WHAT YOU ARE ASKED TO DO: Exactly what is written in the records below should be returned, minus the images.

Records from a dataset:
↓↓↓

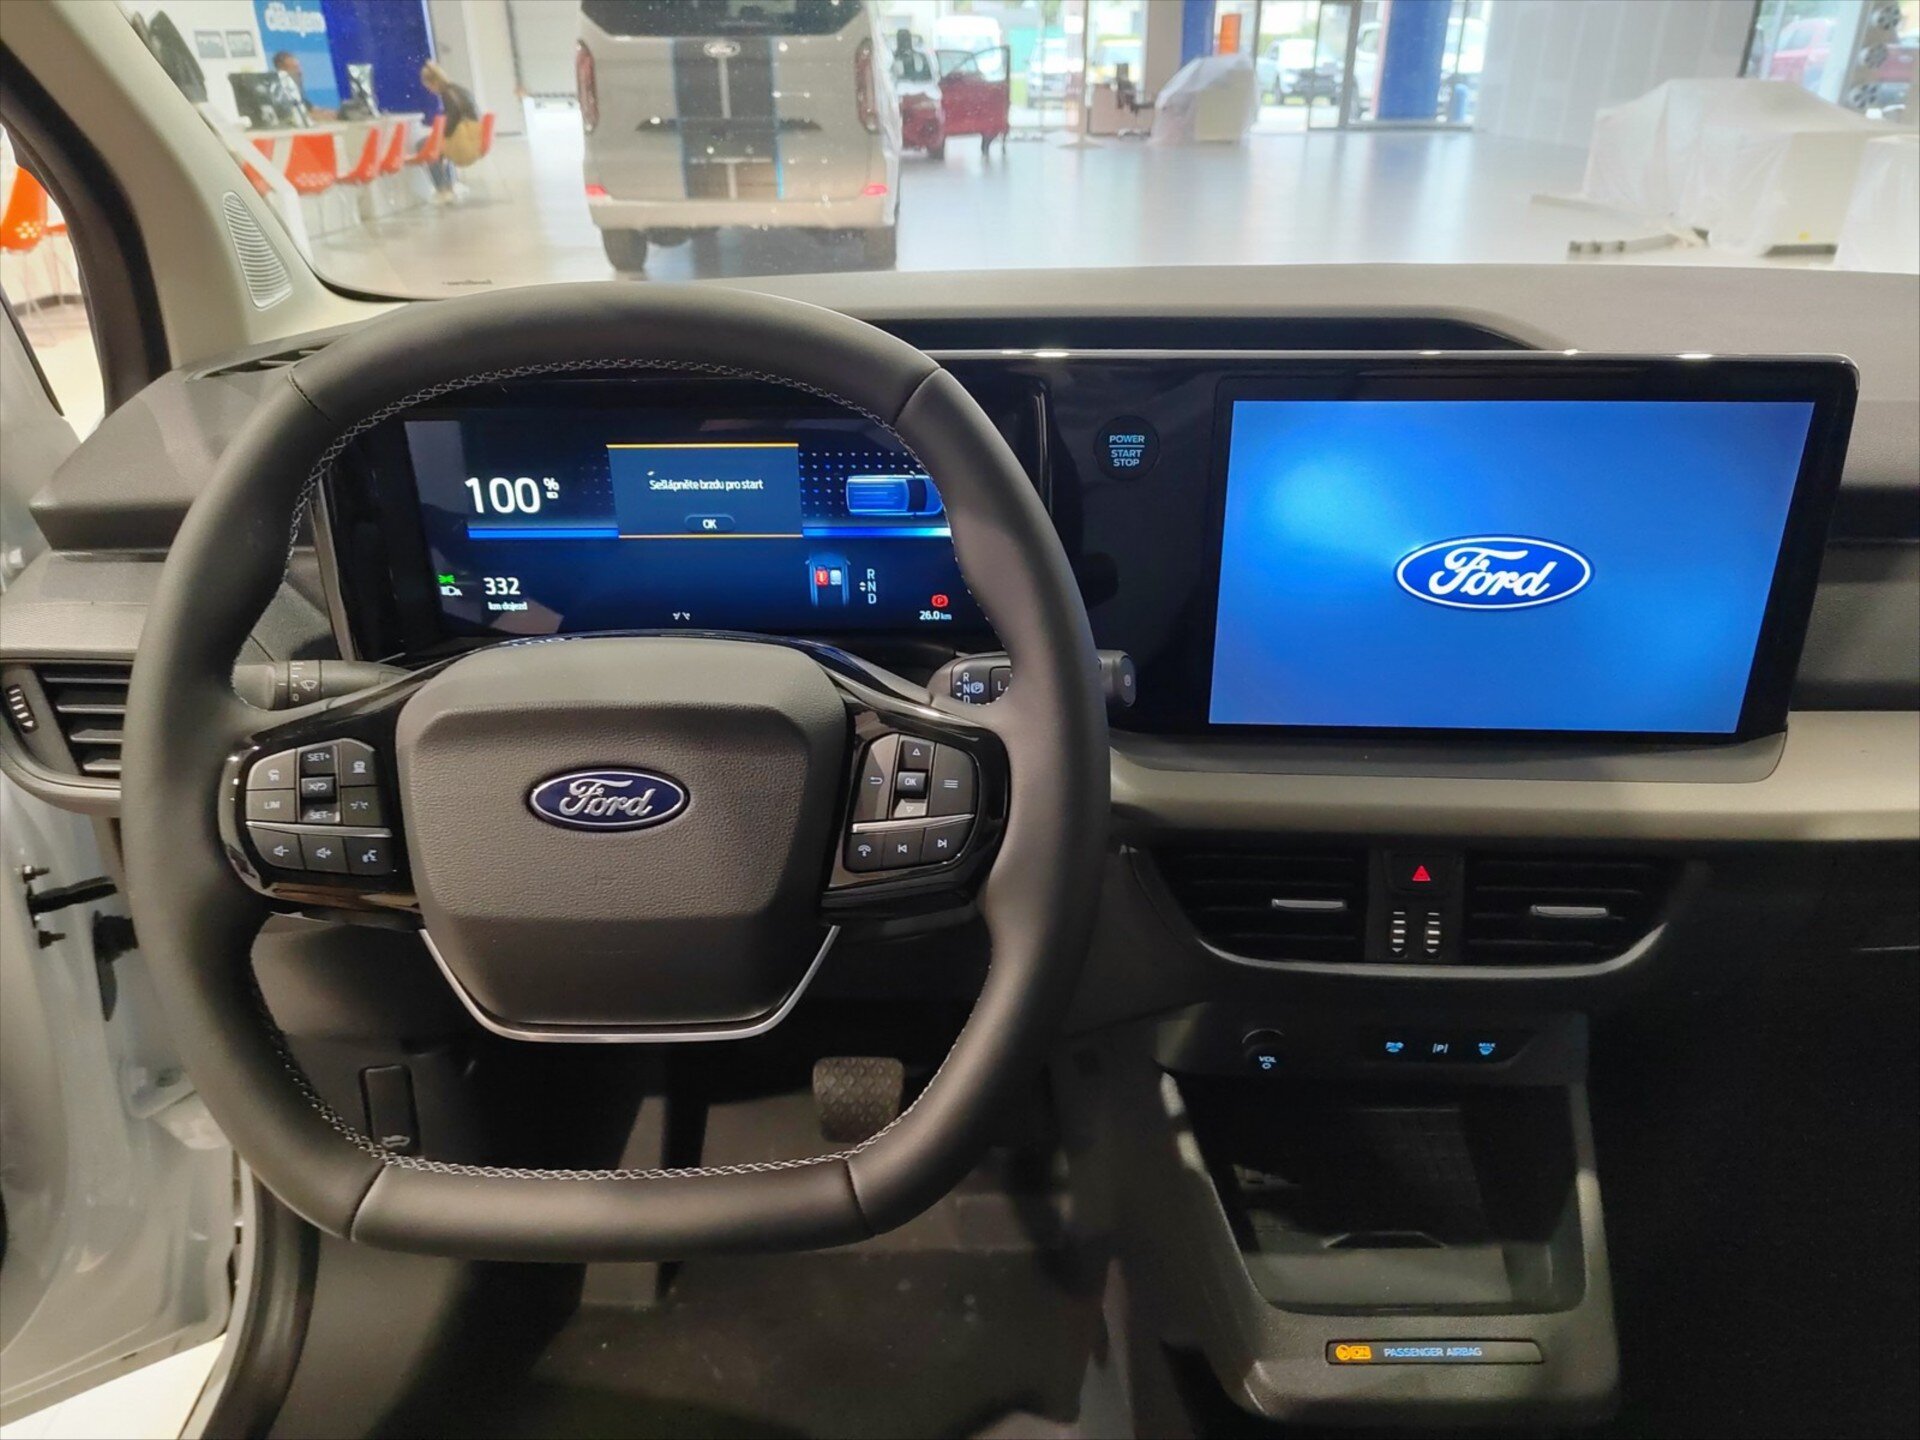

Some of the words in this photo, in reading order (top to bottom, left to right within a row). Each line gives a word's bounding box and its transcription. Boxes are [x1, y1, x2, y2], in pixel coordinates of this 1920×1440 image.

[1109, 434, 1146, 444] POWER
[1110, 449, 1143, 458] START
[1113, 458, 1140, 467] STOP
[725, 481, 741, 492] pro
[741, 479, 764, 490] start
[702, 519, 717, 530] OK
[866, 568, 876, 580] R
[1428, 546, 1558, 597] Ford
[483, 577, 521, 596] 332
[867, 580, 877, 592] N
[868, 593, 877, 605] D
[919, 610, 940, 621] 26.0
[962, 672, 970, 682] R
[962, 683, 971, 694] N
[904, 777, 917, 786] OK
[559, 778, 656, 817] Ford
[1258, 1056, 1276, 1064] VOL
[1384, 1347, 1444, 1358] PASSENGER
[1446, 1347, 1482, 1357] AIRBAG

↑↑↑

RESULT:
Some of the words in this photo, in reading order (top to bottom, left to right within a row). Each line gives a word's bounding box and its transcription. Boxes are [x1, y1, x2, y2], in pixel coordinates of this 1920×1440 image.

[1109, 434, 1146, 444] POWER
[1110, 449, 1143, 458] START
[1113, 458, 1140, 467] STOP
[725, 481, 741, 492] pro
[741, 479, 764, 490] start
[702, 519, 717, 530] OK
[866, 568, 876, 580] R
[1428, 546, 1558, 597] Ford
[483, 577, 521, 596] 332
[867, 580, 877, 592] N
[868, 593, 877, 605] D
[919, 610, 940, 621] 26.0
[962, 672, 970, 682] R
[962, 683, 971, 694] N
[904, 777, 917, 786] OK
[559, 778, 656, 817] Ford
[1258, 1056, 1276, 1064] VOL
[1384, 1347, 1444, 1358] PASSENGER
[1446, 1347, 1482, 1357] AIRBAG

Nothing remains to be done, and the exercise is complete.